If I’m on the way to dying, I may as well pay my respects to the dead. After all, it seems I’m going to be joining them soon. I’m only twenty-eight years old, I can’t believe this is happening.
My mood is bleak, my lip snarled as the breeze brushes along my messy dark hair. My body is strong, my skin crawling with tattoos because I craved the silence of the pain and the reward of art.
It would fucking figure that something like this would bring me down low.
“Stupid fucking cancer,” I growl, kicking gravel as I stalk forward. The wind seems angrier here as I prowl through the headstones with my hands in my pockets, the cliffs at the edge of the graveyard gray and stark next to the green fake grass they have in these places.
I believe… I’m having what they call a temper tantrum. I’ve always scoffed when I’ve seen grown men grumble and punch walls at the bar, but I’m woefully deep in a full blown conniption fit.
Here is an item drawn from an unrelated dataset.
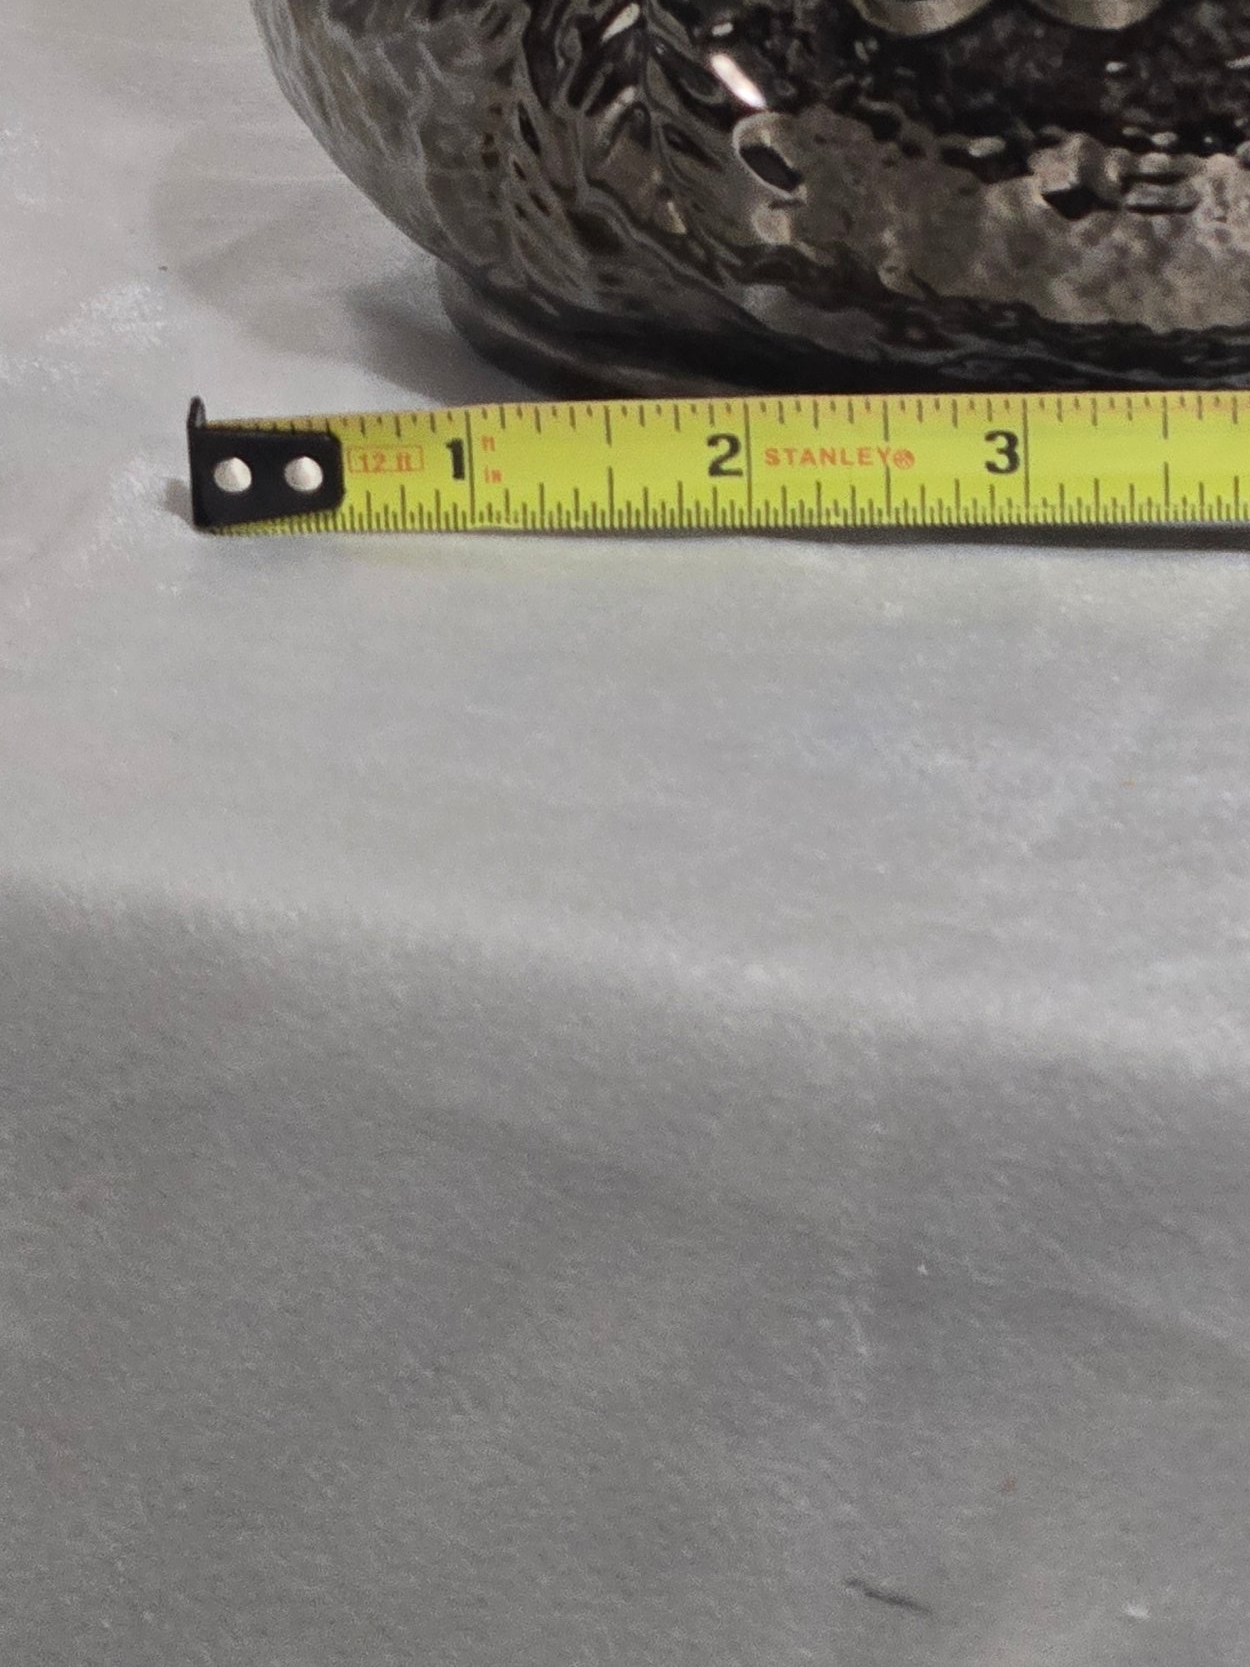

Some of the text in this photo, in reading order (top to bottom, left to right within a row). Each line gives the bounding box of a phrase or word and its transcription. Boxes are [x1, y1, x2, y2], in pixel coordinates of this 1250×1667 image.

[446, 437, 466, 481] 1
[706, 433, 743, 477] 2
[984, 429, 1020, 474] 3
“Why can’t I have more time!” I yell into the wind, not expecting anyone to respond.
My voice cracks with emotion, my head tipped back as I voice my displeasure.
My black pants have the knees ripped out not because I bought them that way, but due to over use.
I wear things until they simply fall apart, which is what my body is currently doing.
I knew I was getting the results today, and wore my favorite band tee pulled across my stomach muscles for luck.
Ha! Luck doesn’t seem to exist for me today.
Just because I don’t work out every day, doesn’t mean I’m not still fit.
These are all the reasons why I’m so infuriated with the current writing on the wall.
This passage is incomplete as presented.